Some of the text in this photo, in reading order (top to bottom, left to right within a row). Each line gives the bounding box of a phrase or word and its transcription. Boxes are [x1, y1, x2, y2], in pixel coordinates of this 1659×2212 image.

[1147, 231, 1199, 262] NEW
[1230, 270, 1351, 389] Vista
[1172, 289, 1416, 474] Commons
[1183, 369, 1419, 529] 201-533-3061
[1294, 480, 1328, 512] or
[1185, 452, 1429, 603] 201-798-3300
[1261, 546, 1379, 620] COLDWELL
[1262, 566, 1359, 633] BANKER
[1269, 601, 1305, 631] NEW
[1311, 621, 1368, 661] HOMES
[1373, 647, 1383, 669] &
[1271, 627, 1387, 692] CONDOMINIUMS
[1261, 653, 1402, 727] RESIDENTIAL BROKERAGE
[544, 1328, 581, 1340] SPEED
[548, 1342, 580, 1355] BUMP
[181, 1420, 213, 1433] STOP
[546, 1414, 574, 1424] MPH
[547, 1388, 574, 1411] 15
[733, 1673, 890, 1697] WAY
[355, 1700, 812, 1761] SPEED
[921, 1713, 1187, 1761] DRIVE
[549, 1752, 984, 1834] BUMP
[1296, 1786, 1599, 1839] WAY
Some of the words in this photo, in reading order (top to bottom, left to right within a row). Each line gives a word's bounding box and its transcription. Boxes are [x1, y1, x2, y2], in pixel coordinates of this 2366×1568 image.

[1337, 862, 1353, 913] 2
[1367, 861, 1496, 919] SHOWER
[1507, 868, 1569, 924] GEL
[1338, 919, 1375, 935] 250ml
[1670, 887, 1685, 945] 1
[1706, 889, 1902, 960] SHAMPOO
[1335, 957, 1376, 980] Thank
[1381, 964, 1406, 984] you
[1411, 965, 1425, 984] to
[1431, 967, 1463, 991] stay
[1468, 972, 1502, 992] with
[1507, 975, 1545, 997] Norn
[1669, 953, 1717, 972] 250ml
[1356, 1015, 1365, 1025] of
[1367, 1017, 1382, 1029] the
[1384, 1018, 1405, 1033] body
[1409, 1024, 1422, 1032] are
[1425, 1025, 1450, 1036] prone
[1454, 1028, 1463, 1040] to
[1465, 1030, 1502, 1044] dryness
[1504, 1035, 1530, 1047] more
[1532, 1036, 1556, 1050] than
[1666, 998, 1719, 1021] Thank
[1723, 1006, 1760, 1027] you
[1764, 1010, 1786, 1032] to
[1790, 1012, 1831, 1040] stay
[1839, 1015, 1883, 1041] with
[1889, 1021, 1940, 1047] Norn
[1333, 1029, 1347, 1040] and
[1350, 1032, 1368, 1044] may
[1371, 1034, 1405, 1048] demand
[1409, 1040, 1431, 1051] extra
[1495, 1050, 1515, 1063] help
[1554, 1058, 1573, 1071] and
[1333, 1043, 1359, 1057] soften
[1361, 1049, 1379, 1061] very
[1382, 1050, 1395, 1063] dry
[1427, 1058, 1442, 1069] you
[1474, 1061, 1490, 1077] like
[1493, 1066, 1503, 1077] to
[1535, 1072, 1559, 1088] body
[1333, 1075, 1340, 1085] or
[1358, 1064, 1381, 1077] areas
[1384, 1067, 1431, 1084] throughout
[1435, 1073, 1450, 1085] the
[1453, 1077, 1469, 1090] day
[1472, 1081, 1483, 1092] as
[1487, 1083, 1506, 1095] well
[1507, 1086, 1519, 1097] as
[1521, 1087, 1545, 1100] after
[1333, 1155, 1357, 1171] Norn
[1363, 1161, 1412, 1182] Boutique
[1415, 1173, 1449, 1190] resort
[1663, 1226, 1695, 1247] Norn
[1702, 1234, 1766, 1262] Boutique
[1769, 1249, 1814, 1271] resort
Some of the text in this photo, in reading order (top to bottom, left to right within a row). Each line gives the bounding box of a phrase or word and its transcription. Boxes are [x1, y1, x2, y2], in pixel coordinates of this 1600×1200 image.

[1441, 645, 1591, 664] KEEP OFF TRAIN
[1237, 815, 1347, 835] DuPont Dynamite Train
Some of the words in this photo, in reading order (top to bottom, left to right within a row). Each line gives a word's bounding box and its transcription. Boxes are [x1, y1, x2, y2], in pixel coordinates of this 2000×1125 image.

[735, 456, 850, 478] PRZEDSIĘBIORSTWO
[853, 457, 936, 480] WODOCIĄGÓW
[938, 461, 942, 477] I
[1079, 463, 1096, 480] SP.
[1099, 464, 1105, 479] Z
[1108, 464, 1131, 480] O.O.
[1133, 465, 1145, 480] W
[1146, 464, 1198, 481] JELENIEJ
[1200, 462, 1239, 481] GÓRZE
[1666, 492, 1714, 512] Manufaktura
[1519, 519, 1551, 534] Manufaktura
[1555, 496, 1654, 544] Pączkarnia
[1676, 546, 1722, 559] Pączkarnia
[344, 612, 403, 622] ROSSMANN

○ ○ ○ ○

*Exercise:* The records above are to be repeated exactly, in their entirety.

*Exercise output:*
Some of the text in this photo, in reading order (top to bottom, left to right within a row). Each line gives the bounding box of a phrase or word and its transcription. Boxes are [x1, y1, x2, y2], in pixel coordinates of this 1659×2212 image.

[1147, 231, 1199, 262] NEW
[1230, 270, 1351, 389] Vista
[1172, 289, 1416, 474] Commons
[1183, 369, 1419, 529] 201-533-3061
[1294, 480, 1328, 512] or
[1185, 452, 1429, 603] 201-798-3300
[1261, 546, 1379, 620] COLDWELL
[1262, 566, 1359, 633] BANKER
[1269, 601, 1305, 631] NEW
[1311, 621, 1368, 661] HOMES
[1373, 647, 1383, 669] &
[1271, 627, 1387, 692] CONDOMINIUMS
[1261, 653, 1402, 727] RESIDENTIAL BROKERAGE
[544, 1328, 581, 1340] SPEED
[548, 1342, 580, 1355] BUMP
[181, 1420, 213, 1433] STOP
[546, 1414, 574, 1424] MPH
[547, 1388, 574, 1411] 15
[733, 1673, 890, 1697] WAY
[355, 1700, 812, 1761] SPEED
[921, 1713, 1187, 1761] DRIVE
[549, 1752, 984, 1834] BUMP
[1296, 1786, 1599, 1839] WAY
Some of the words in this photo, in reading order (top to bottom, left to right within a row). Each line gives a word's bounding box and its transcription. Boxes are [x1, y1, x2, y2], in pixel coordinates of this 2366×1568 image.

[1337, 862, 1353, 913] 2
[1367, 861, 1496, 919] SHOWER
[1507, 868, 1569, 924] GEL
[1338, 919, 1375, 935] 250ml
[1670, 887, 1685, 945] 1
[1706, 889, 1902, 960] SHAMPOO
[1335, 957, 1376, 980] Thank
[1381, 964, 1406, 984] you
[1411, 965, 1425, 984] to
[1431, 967, 1463, 991] stay
[1468, 972, 1502, 992] with
[1507, 975, 1545, 997] Norn
[1669, 953, 1717, 972] 250ml
[1356, 1015, 1365, 1025] of
[1367, 1017, 1382, 1029] the
[1384, 1018, 1405, 1033] body
[1409, 1024, 1422, 1032] are
[1425, 1025, 1450, 1036] prone
[1454, 1028, 1463, 1040] to
[1465, 1030, 1502, 1044] dryness
[1504, 1035, 1530, 1047] more
[1532, 1036, 1556, 1050] than
[1666, 998, 1719, 1021] Thank
[1723, 1006, 1760, 1027] you
[1764, 1010, 1786, 1032] to
[1790, 1012, 1831, 1040] stay
[1839, 1015, 1883, 1041] with
[1889, 1021, 1940, 1047] Norn
[1333, 1029, 1347, 1040] and
[1350, 1032, 1368, 1044] may
[1371, 1034, 1405, 1048] demand
[1409, 1040, 1431, 1051] extra
[1495, 1050, 1515, 1063] help
[1554, 1058, 1573, 1071] and
[1333, 1043, 1359, 1057] soften
[1361, 1049, 1379, 1061] very
[1382, 1050, 1395, 1063] dry
[1427, 1058, 1442, 1069] you
[1474, 1061, 1490, 1077] like
[1493, 1066, 1503, 1077] to
[1535, 1072, 1559, 1088] body
[1333, 1075, 1340, 1085] or
[1358, 1064, 1381, 1077] areas
[1384, 1067, 1431, 1084] throughout
[1435, 1073, 1450, 1085] the
[1453, 1077, 1469, 1090] day
[1472, 1081, 1483, 1092] as
[1487, 1083, 1506, 1095] well
[1507, 1086, 1519, 1097] as
[1521, 1087, 1545, 1100] after
[1333, 1155, 1357, 1171] Norn
[1363, 1161, 1412, 1182] Boutique
[1415, 1173, 1449, 1190] resort
[1663, 1226, 1695, 1247] Norn
[1702, 1234, 1766, 1262] Boutique
[1769, 1249, 1814, 1271] resort
Some of the text in this photo, in reading order (top to bottom, left to right within a row). Each line gives the bounding box of a phrase or word and its transcription. Boxes are [x1, y1, x2, y2], in pixel coordinates of this 1600×1200 image.

[1441, 645, 1591, 664] KEEP OFF TRAIN
[1237, 815, 1347, 835] DuPont Dynamite Train
Some of the words in this photo, in reading order (top to bottom, left to right within a row). Each line gives a word's bounding box and its transcription. Boxes are [x1, y1, x2, y2], in pixel coordinates of this 2000×1125 image.

[735, 456, 850, 478] PRZEDSIĘBIORSTWO
[853, 457, 936, 480] WODOCIĄGÓW
[938, 461, 942, 477] I
[1079, 463, 1096, 480] SP.
[1099, 464, 1105, 479] Z
[1108, 464, 1131, 480] O.O.
[1133, 465, 1145, 480] W
[1146, 464, 1198, 481] JELENIEJ
[1200, 462, 1239, 481] GÓRZE
[1666, 492, 1714, 512] Manufaktura
[1519, 519, 1551, 534] Manufaktura
[1555, 496, 1654, 544] Pączkarnia
[1676, 546, 1722, 559] Pączkarnia
[344, 612, 403, 622] ROSSMANN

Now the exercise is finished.